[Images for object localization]
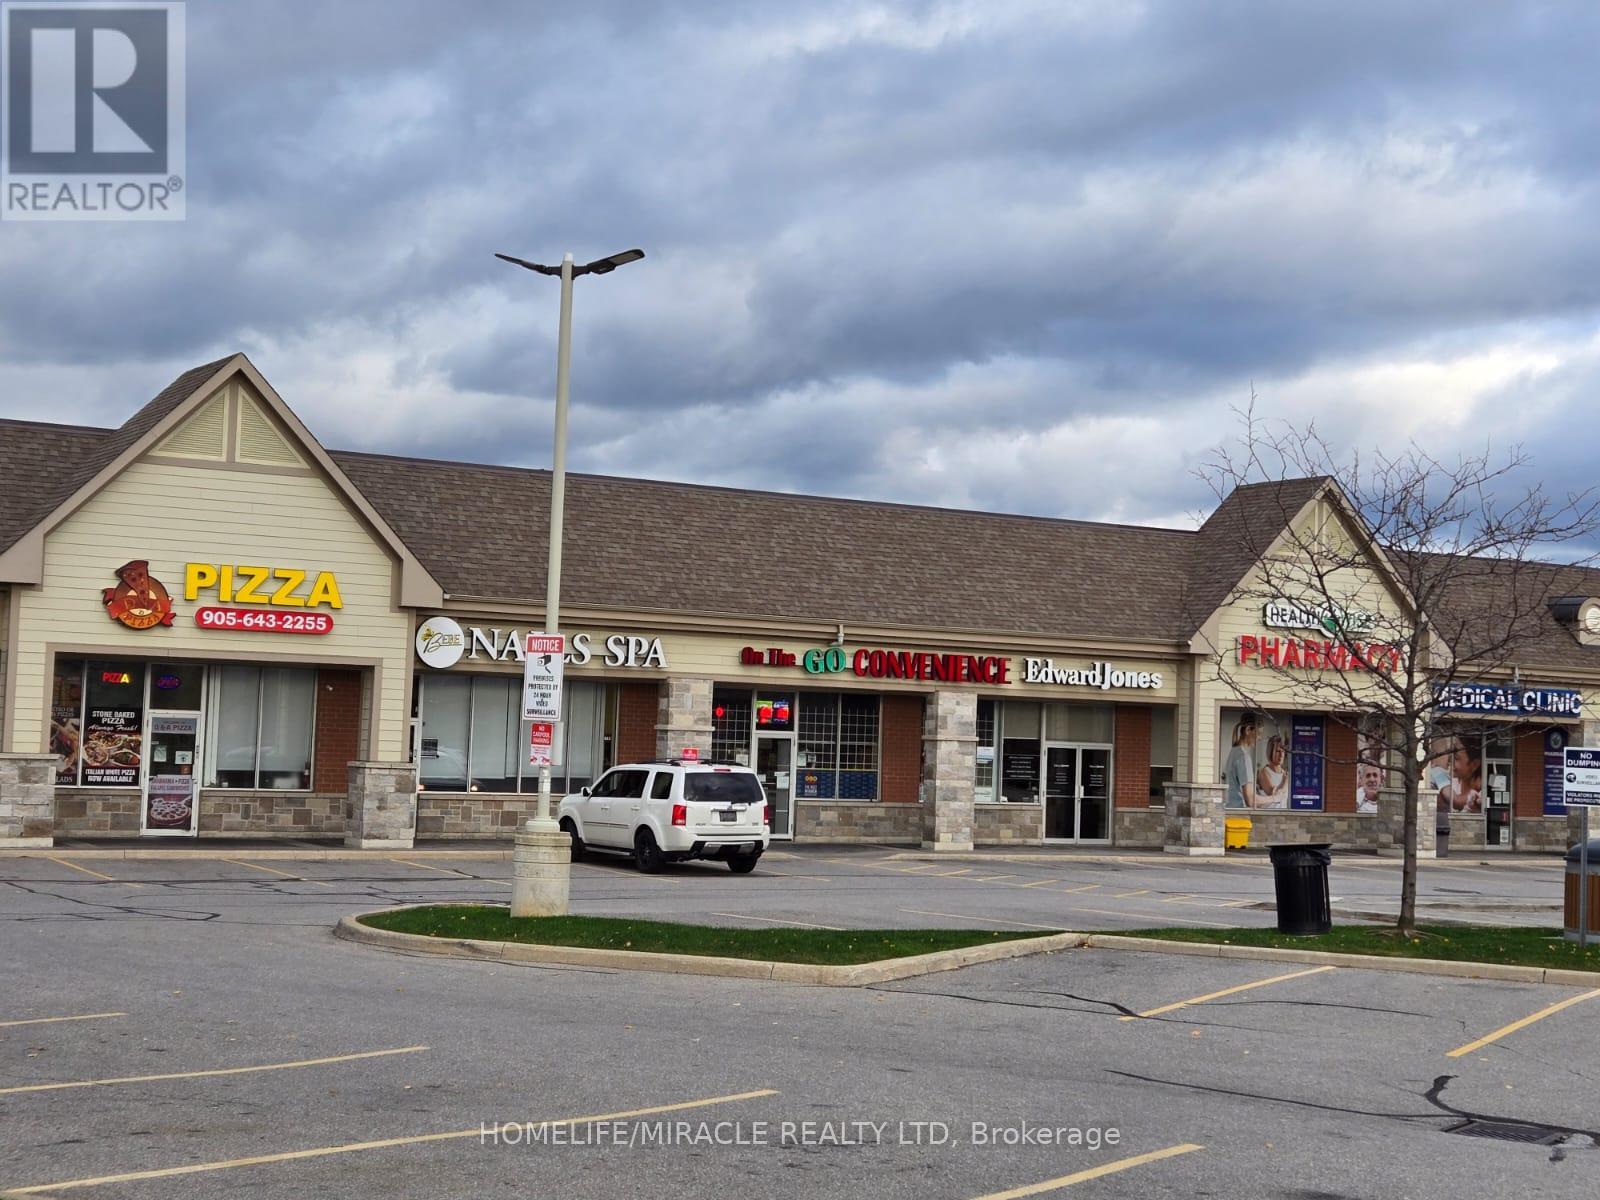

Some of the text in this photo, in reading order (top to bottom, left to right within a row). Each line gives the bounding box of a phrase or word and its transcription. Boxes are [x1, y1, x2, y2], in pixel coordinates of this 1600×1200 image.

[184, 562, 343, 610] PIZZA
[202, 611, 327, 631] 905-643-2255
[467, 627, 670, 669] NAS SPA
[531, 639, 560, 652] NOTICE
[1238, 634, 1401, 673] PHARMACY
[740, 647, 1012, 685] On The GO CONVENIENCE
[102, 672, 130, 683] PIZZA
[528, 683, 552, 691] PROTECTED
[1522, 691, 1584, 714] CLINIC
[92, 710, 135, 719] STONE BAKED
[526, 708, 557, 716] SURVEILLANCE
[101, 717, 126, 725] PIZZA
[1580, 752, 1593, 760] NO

### Goal of the exercise
All of the records need repeating exactly, except for the pictures.

### Response to the exercise
Some of the text in this photo, in reading order (top to bottom, left to right within a row). Each line gives the bounding box of a phrase or word and its transcription. Boxes are [x1, y1, x2, y2], in pixel coordinates of this 1600×1200 image.

[184, 562, 343, 610] PIZZA
[202, 611, 327, 631] 905-643-2255
[467, 627, 670, 669] NAS SPA
[531, 639, 560, 652] NOTICE
[1238, 634, 1401, 673] PHARMACY
[740, 647, 1012, 685] On The GO CONVENIENCE
[102, 672, 130, 683] PIZZA
[528, 683, 552, 691] PROTECTED
[1522, 691, 1584, 714] CLINIC
[92, 710, 135, 719] STONE BAKED
[526, 708, 557, 716] SURVEILLANCE
[101, 717, 126, 725] PIZZA
[1580, 752, 1593, 760] NO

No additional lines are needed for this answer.